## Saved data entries
Start of Block
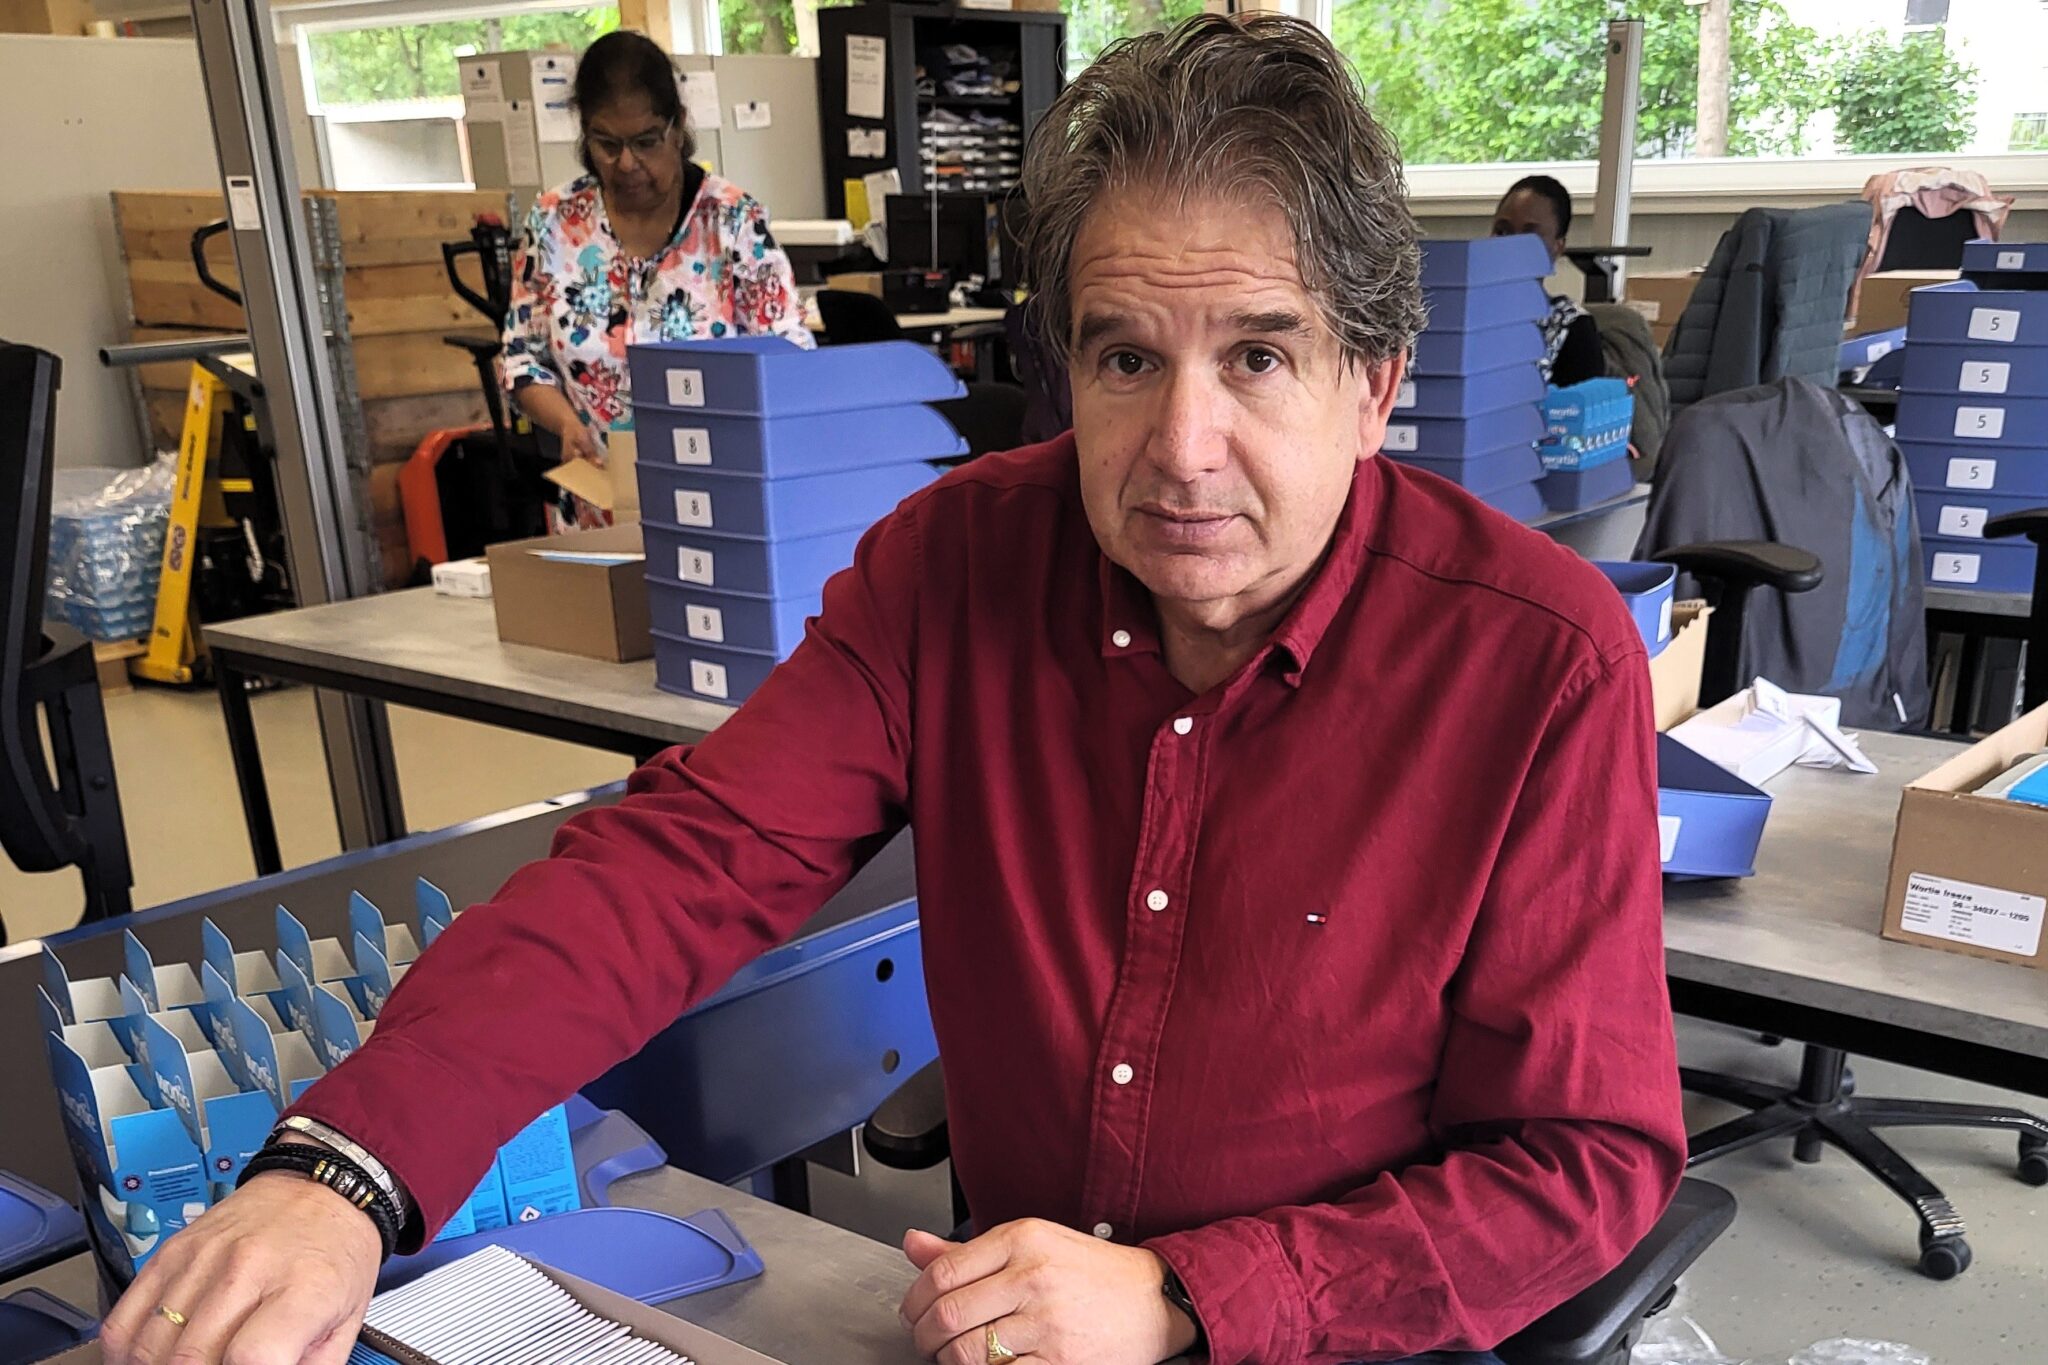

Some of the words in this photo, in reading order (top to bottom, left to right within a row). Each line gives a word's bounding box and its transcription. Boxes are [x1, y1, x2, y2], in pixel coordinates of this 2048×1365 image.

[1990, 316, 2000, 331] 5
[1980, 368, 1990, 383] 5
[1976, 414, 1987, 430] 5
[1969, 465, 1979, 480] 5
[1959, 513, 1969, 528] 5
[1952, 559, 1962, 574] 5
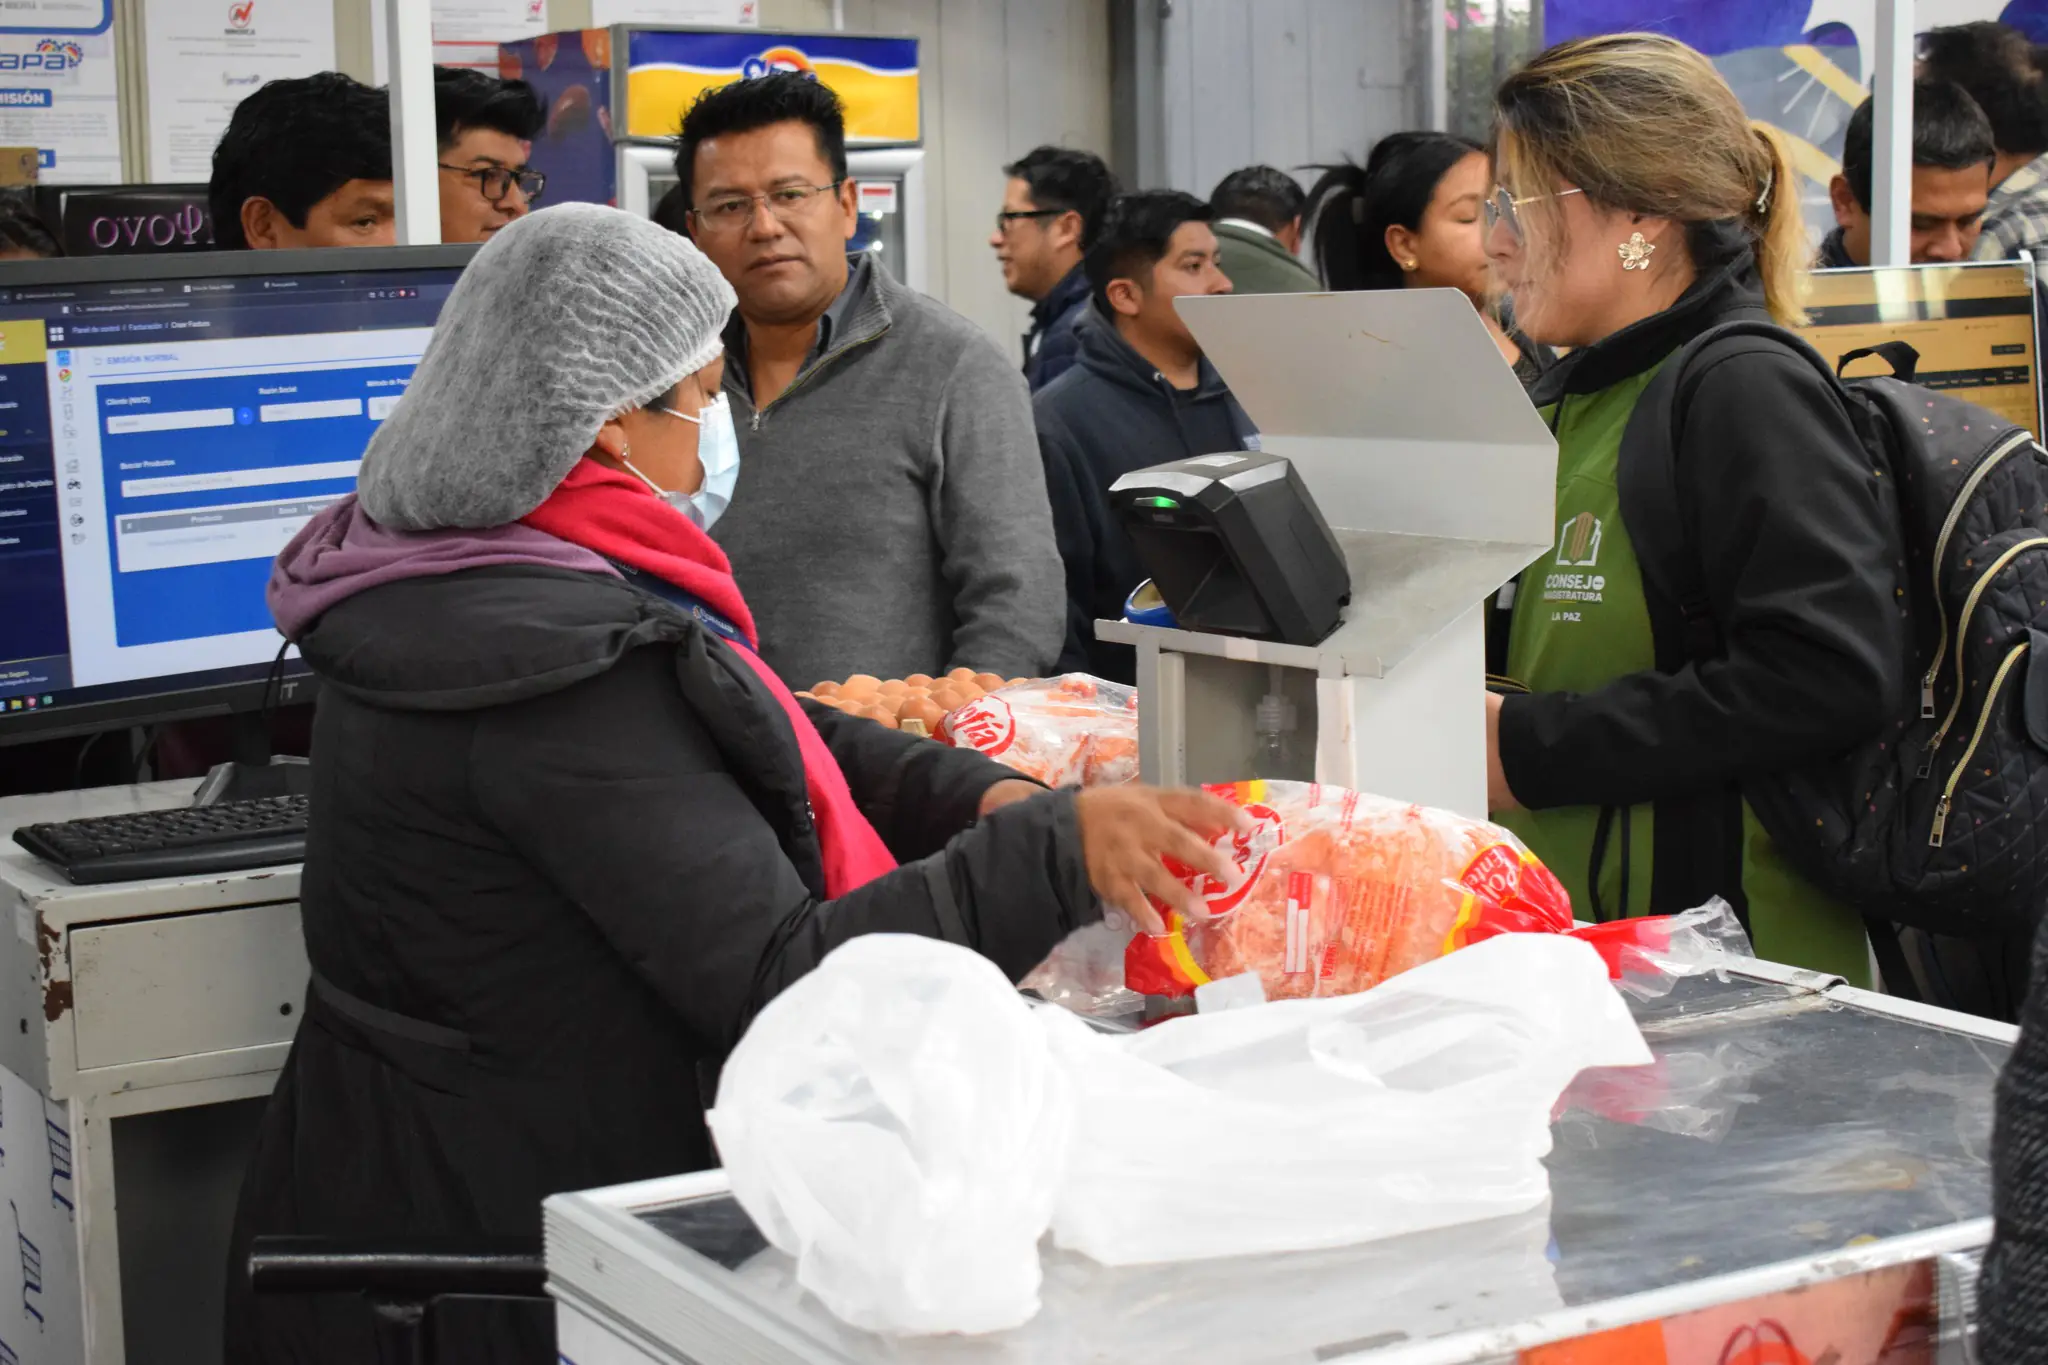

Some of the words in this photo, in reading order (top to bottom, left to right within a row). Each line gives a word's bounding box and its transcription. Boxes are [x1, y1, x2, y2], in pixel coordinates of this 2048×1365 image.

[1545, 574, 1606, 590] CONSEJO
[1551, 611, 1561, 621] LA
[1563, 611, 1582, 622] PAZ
End of Block
## ASSIGNED TASK
When you reproduce the entries above, keep every word exactly and leave out each picture.

## ANSWER SPACE
Some of the words in this photo, in reading order (top to bottom, left to right within a row). Each line gives a word's bounding box and its transcription. Boxes are [x1, y1, x2, y2], in pixel coordinates of this 2048×1365 image.

[1990, 316, 2000, 331] 5
[1980, 368, 1990, 383] 5
[1976, 414, 1987, 430] 5
[1969, 465, 1979, 480] 5
[1959, 513, 1969, 528] 5
[1952, 559, 1962, 574] 5

Some of the words in this photo, in reading order (top to bottom, left to right within a row). Each line gives a word's bounding box and its transcription. Boxes are [x1, y1, x2, y2], in pixel coordinates of this 2048×1365 image.

[1545, 574, 1606, 590] CONSEJO
[1551, 611, 1561, 621] LA
[1563, 611, 1582, 622] PAZ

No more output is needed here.